Weather remains favorable for U.S. and South American crops, with rain here boosting soil moisture for spring planting. South American crop areas may have rain this week but should be drier next week.
CBOT estimated Monday’s volume at 168,709. Friday’s actual volume was 343,386. Friday’s open interest increased by 17,852 in that lower market, with May up 7,532 and July up 6,120. November’s open interest was up 2,220.
May soybeans closed down 7-3/4 cents at $9.3825/bu., and July dropped 7-3/4 cents to $9.4925. New-crop November was off 3-3/4 cents at $9.5025.
What to look for: Be alert for spring and summer rallies, which have occurred in the previous two years.
SRW wheat futures closed a little higher, while HRW and spring wheat finished lower. Widespread rain in the Plains weighed on the HRW wheat as farmers there said the moisture should nourish the crop into late spring.
Forecasts put more rain in the central Plains this week, and the 6- to 10-day forecast also looks wet for that area.

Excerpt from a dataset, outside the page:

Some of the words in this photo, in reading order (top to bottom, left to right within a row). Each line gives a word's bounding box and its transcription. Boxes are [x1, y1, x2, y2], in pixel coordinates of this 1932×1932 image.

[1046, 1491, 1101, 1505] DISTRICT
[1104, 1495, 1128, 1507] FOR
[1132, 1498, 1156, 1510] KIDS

SRW wheat still finished under most key moving averages, but May came to rest just under the 20-day average. HRW wheat is well under moving averages, and May’s RSI of 31 is just above oversold on technical charts.
CBOT estimated Monday’s volume at 127,995, compared with Friday’s actual volume of 168,855. Friday’s open interest increased by 6,219 in the higher market, with May down 1,841 and July up 5,918.
Chicago, Ill., May soft red winter wheat closed up 1-1/4 cents at $4.2775/bu. and July rose 1-1/4 cents to $4.4025/bu. Kansas City, Mo., May hard red winter dropped 1-1/2 cents to $4.19, and July dropped 1-1/2 cents to $4.3225. Spring wheat for May dropped 3-1/4 cents to $5.31, and July was off 3-3/4 cents at $5.385.
What to look for: Big global stocks may limit price increases, even though the U.S. will be producing less.